Canadian Bible Society
Canadian Bible Society, was founded in 1904 to publish and distribute biblical scriptures and to make the bible available to all who could read it. The British and Foreign Bible Society (BFBS) was founded 1804 in London, England, and in 1805 its first overseas publication, the Gospel of John in Mohawk, arrived in Canada. Early NS settlers obtained Bibles from the BFBS, and as early as 1808 collected offerings to continue its work. Branches sprang up in the Maritimes, and then farther west. The formation of a national Bible society followed and in 1904, in Toronto, the BFBS branches in Canada joined the Canadian Bible Society (CBS).
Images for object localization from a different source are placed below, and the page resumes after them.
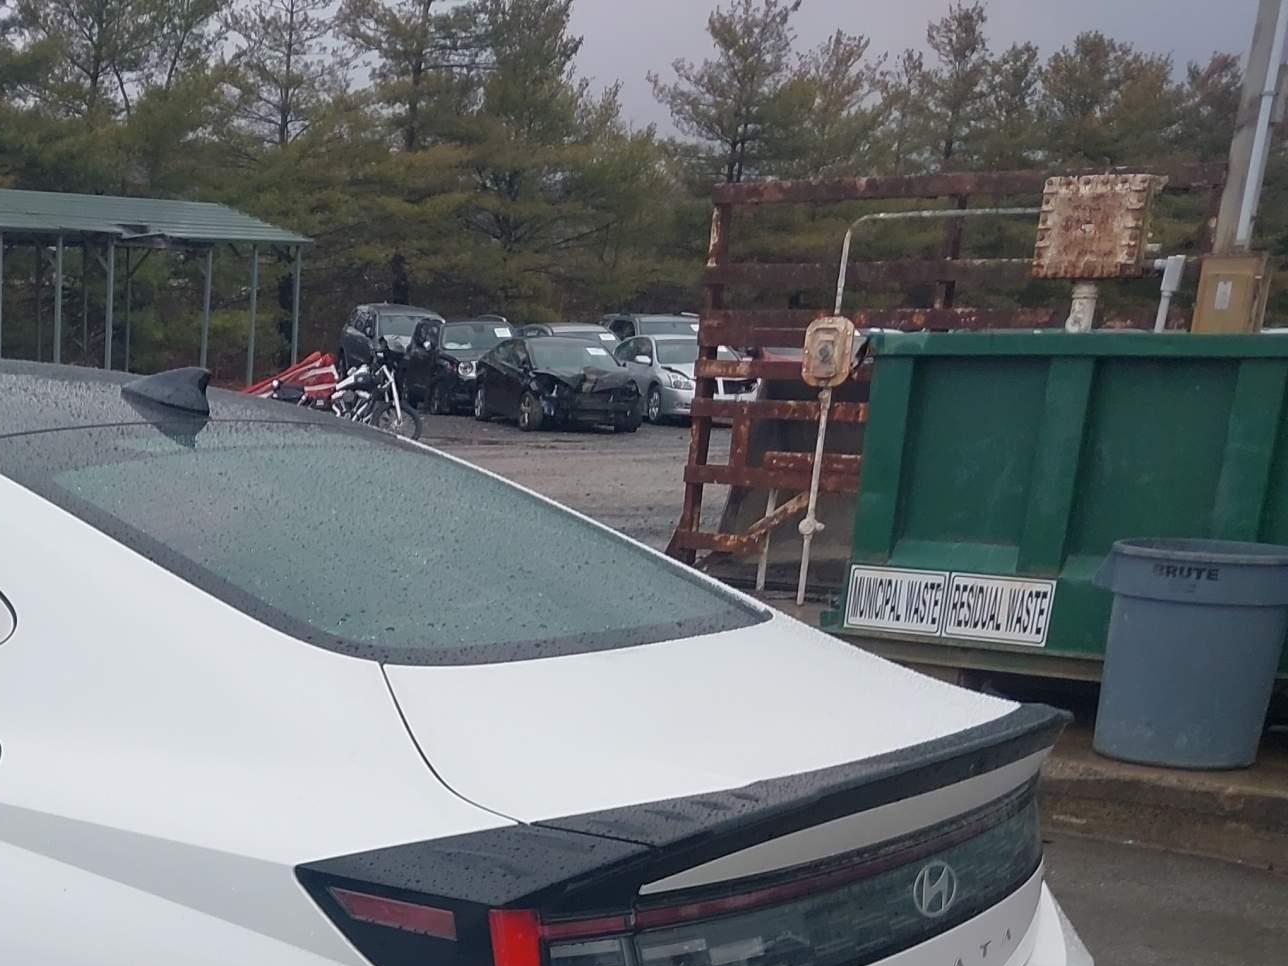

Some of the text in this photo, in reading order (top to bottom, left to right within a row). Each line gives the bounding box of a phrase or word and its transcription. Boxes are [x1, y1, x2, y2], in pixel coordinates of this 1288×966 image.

[1153, 564, 1220, 582] BRUTE
[850, 576, 942, 626] MUNICIPAL WASTE
[948, 583, 1049, 636] RESIDUAL WASTE
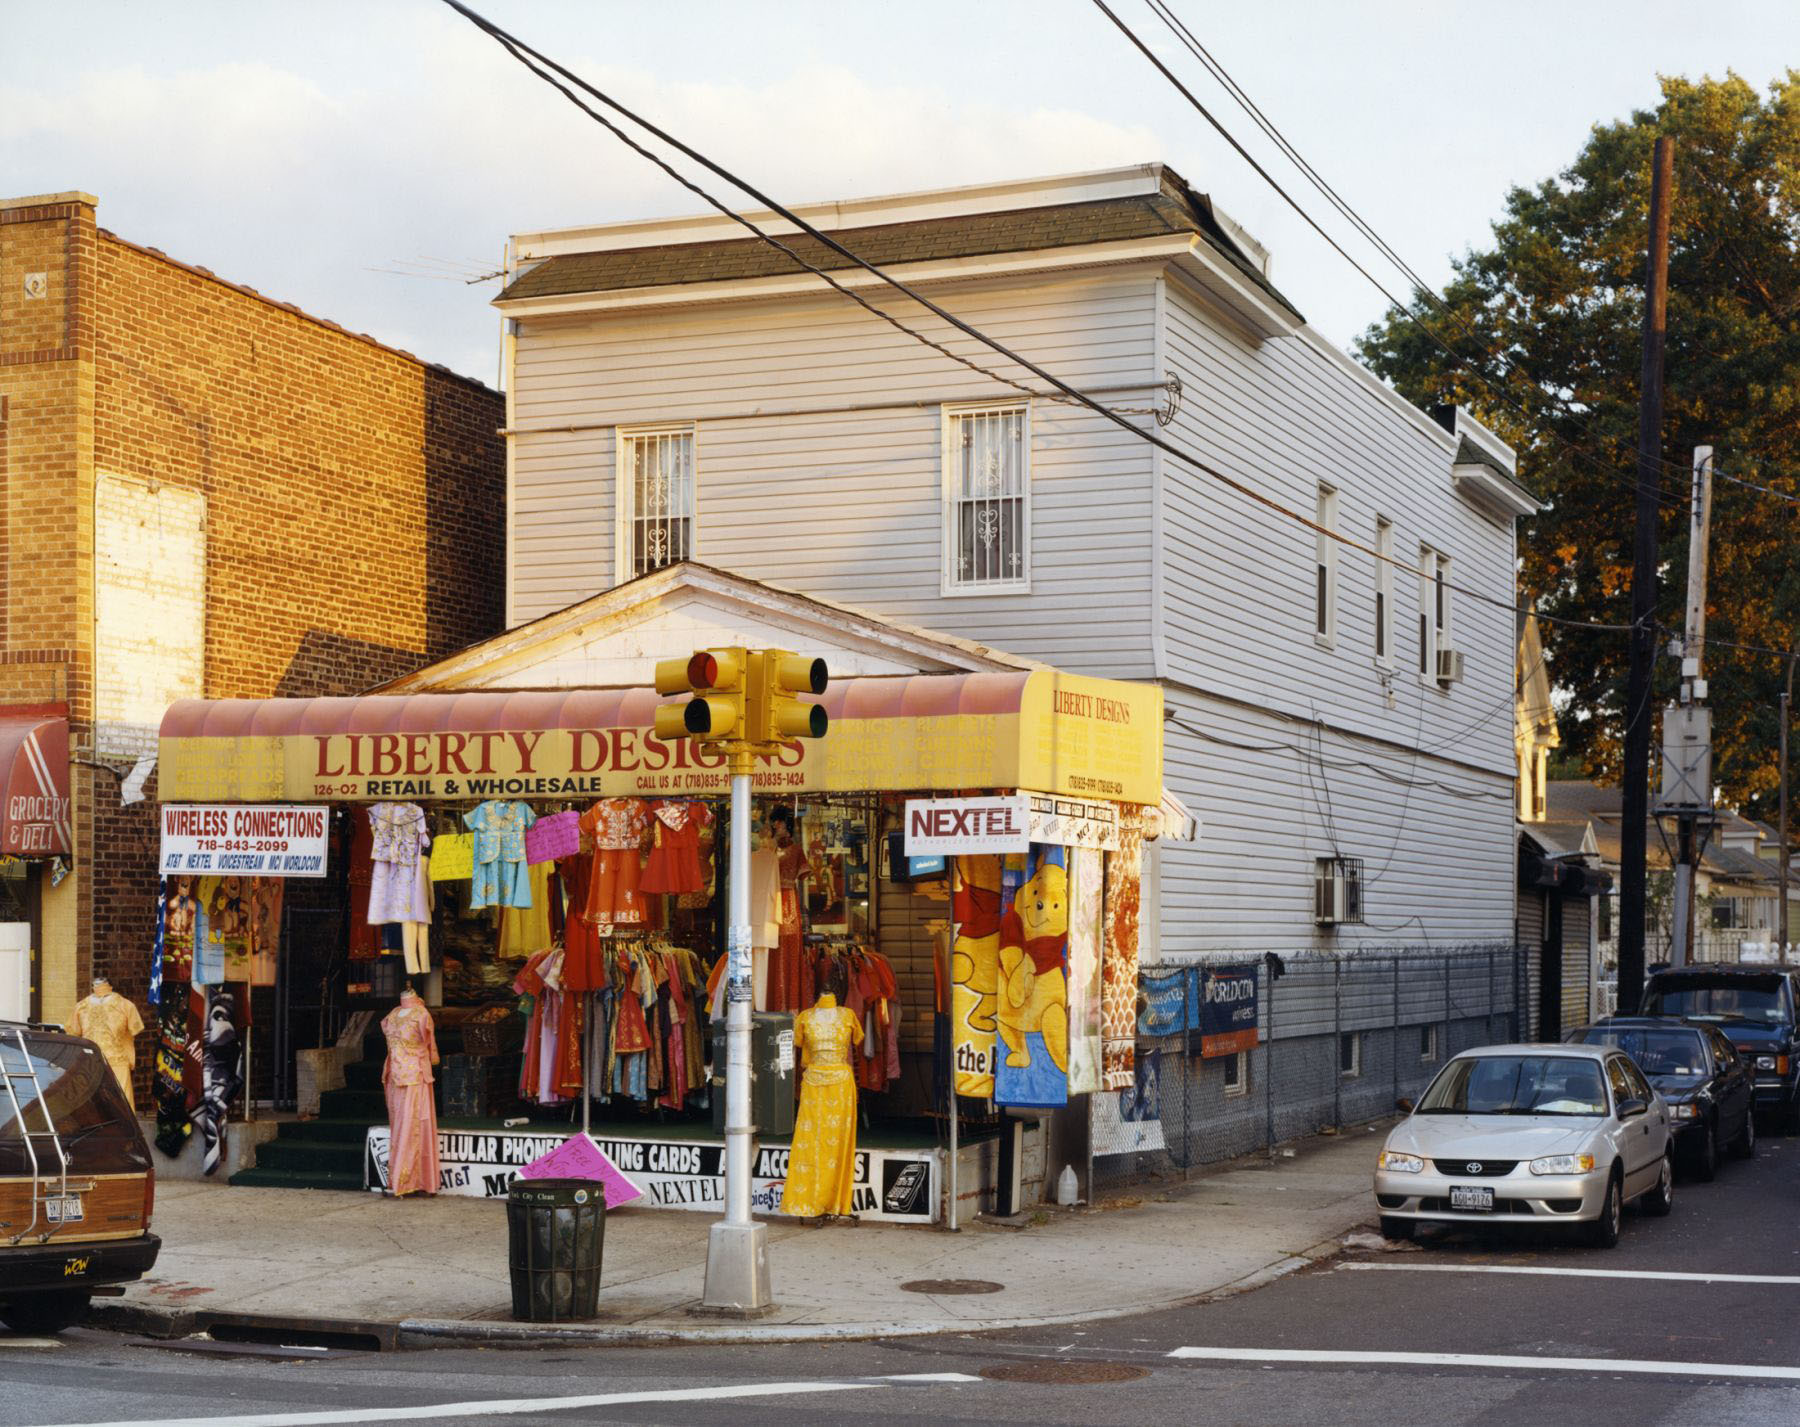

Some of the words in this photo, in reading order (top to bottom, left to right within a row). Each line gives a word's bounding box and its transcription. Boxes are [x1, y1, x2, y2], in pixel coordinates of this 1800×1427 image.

[1053, 690, 1093, 718] LIBERTY
[1096, 697, 1130, 724] DESIGNS
[314, 731, 545, 777] LIBERTY
[314, 784, 358, 796] 126-02
[367, 780, 435, 796] RETAIL
[444, 779, 459, 795] &
[467, 777, 601, 794] WHOLESALE
[637, 776, 656, 790] CALL
[659, 776, 669, 789] US
[672, 776, 682, 789] AT
[10, 795, 70, 820] GROCERY
[166, 810, 228, 837] WIRELESS
[234, 811, 324, 838] CONNECTIONS
[912, 807, 1021, 837] NEXTEL
[10, 825, 20, 845] &
[21, 826, 54, 850] DELI
[197, 840, 289, 852] 718-843-2099
[165, 853, 183, 869] AT&T
[186, 854, 212, 869] NEXTEL
[217, 854, 265, 870] VOICESTREAM
[268, 855, 282, 870] MCI
[283, 856, 322, 871] WORLDCOM
[957, 1043, 986, 1073] the
[439, 1134, 497, 1162] ELLULAR
[649, 1145, 701, 1175] CARDS
[537, 1192, 555, 1201] Clean
[650, 1178, 725, 1205] NEXTEL
[64, 1256, 89, 1276] WOW
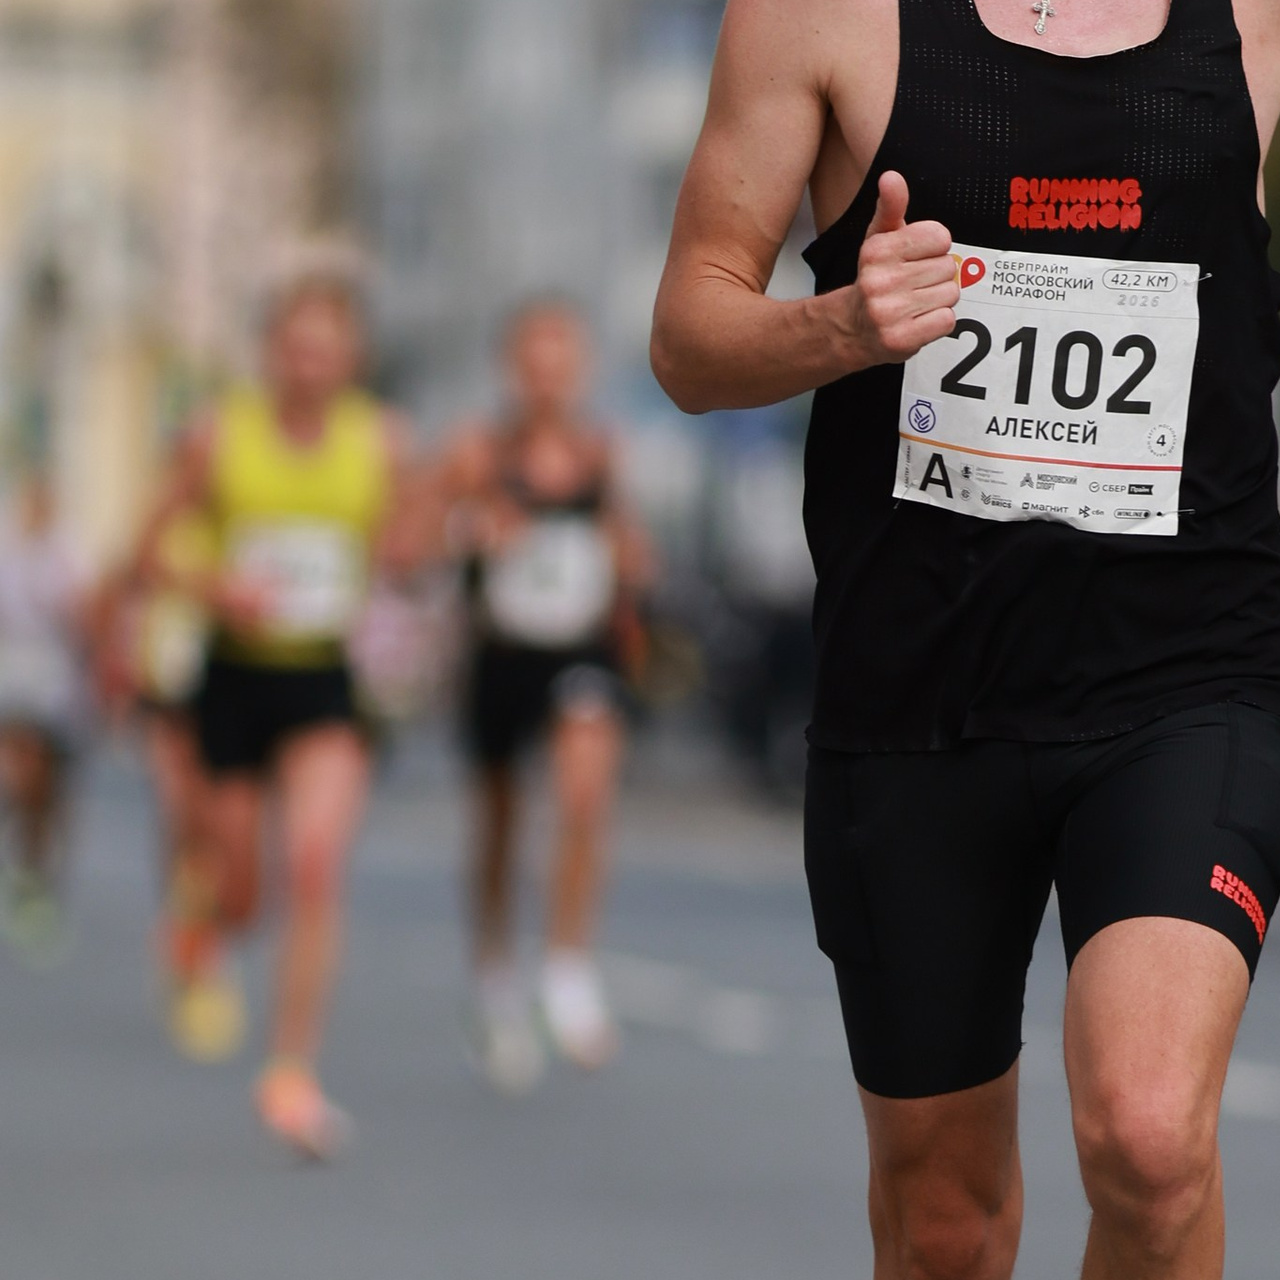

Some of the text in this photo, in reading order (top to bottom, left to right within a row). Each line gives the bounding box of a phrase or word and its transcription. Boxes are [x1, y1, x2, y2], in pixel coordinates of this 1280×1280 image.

[1009, 176, 1142, 203] RUNNING
[1009, 203, 1142, 232] RELIGION
[994, 260, 1069, 274] СБЕРПРАЙМ
[993, 271, 1094, 290] МОСКОВСКИЙ
[1111, 273, 1168, 287] 42,2 КМ
[991, 284, 1066, 301] МАРАФОН
[939, 318, 1157, 415] 2102
[985, 416, 1098, 445] АЛЕКСЕЙ
[1156, 434, 1166, 447] 4
[1036, 473, 1077, 485] МОСКОВСКИЙ
[1036, 482, 1055, 491] СПОРТ
[1102, 484, 1127, 493] СБЕР
[991, 500, 1012, 509] BRICS
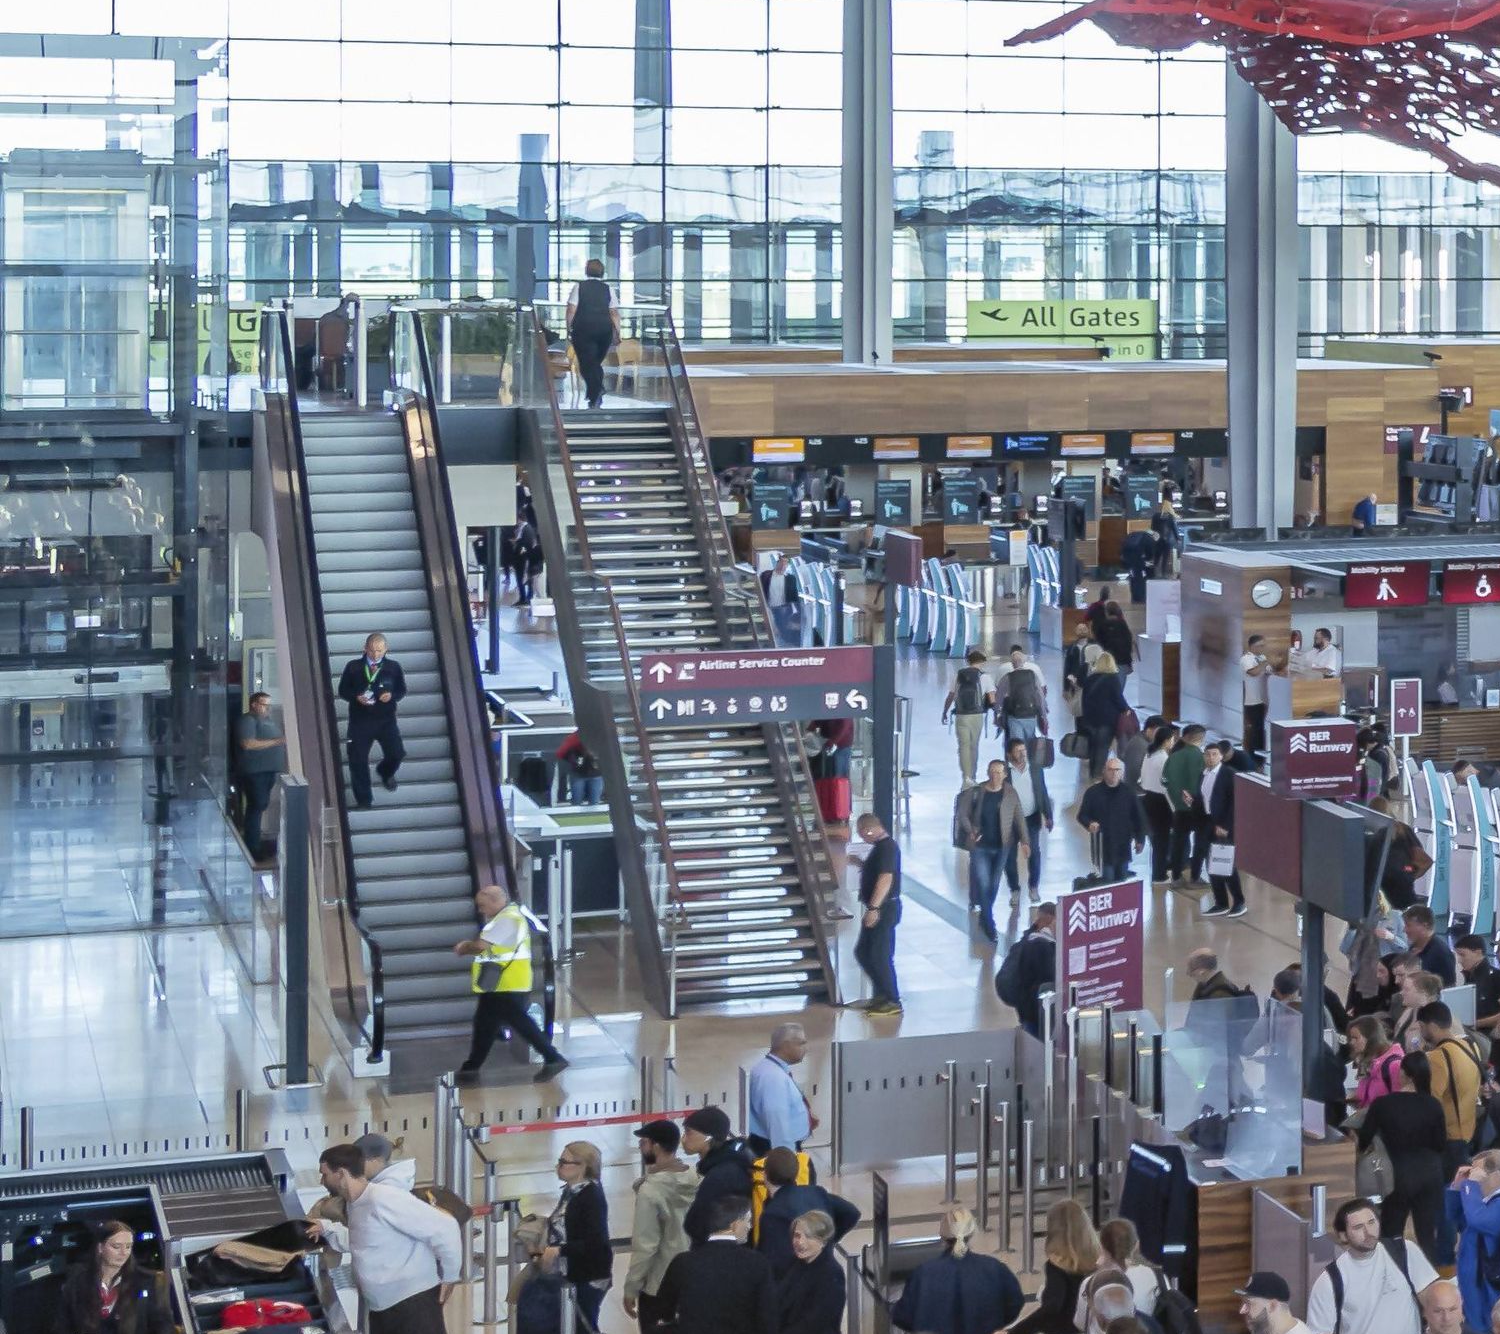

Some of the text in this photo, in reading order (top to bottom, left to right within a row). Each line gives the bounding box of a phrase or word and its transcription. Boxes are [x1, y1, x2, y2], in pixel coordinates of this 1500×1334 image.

[1022, 306, 1140, 327] All Gates
[1463, 387, 1471, 403] 1
[699, 656, 826, 670] Airline Service Counter
[1308, 731, 1331, 742] BER
[1309, 743, 1354, 754] Runway
[1088, 892, 1113, 913] BER
[1088, 907, 1139, 932] Runway
In 1946 several national Bible societies formed the United Bible Societies (UBS). Today the world fellowship comprises more than 145 national Bible societies around the world and the CBS is a charter member. The society is an ecumenical organization that works with all denominations to publish and distribute the scriptures and texts, leaving scriptural interpretation to the churches.
In 1986 the CBS distributed over 12 million Bibles, Old and New testaments, gospels and scripture selections in more than 104 languages in Canada. By 2009, they published in 2377 languages worldwide and, in Canada, distributed publications in 120 languages including 23 Canadian aboriginal languages. They also produce large print and Braille Bibles, as well as auditory media. The purpose of the society is to make scripture available to all who can read; therefore the resources are translated without commentary or interpretation and the publications support a variety of religions including Eastern Orthodox, Roman Catholic, Protestant and Evangelical Christian groups.
Many of the publications are offered for free in venues within Canada including hospitals, nursing homes, funeral homes, outreach evangelism programs, classrooms and prisons. Approximately 435 000 copies of the Scriptures were provided to Canadian forces during WWI, and 798 000 more copies during WWII.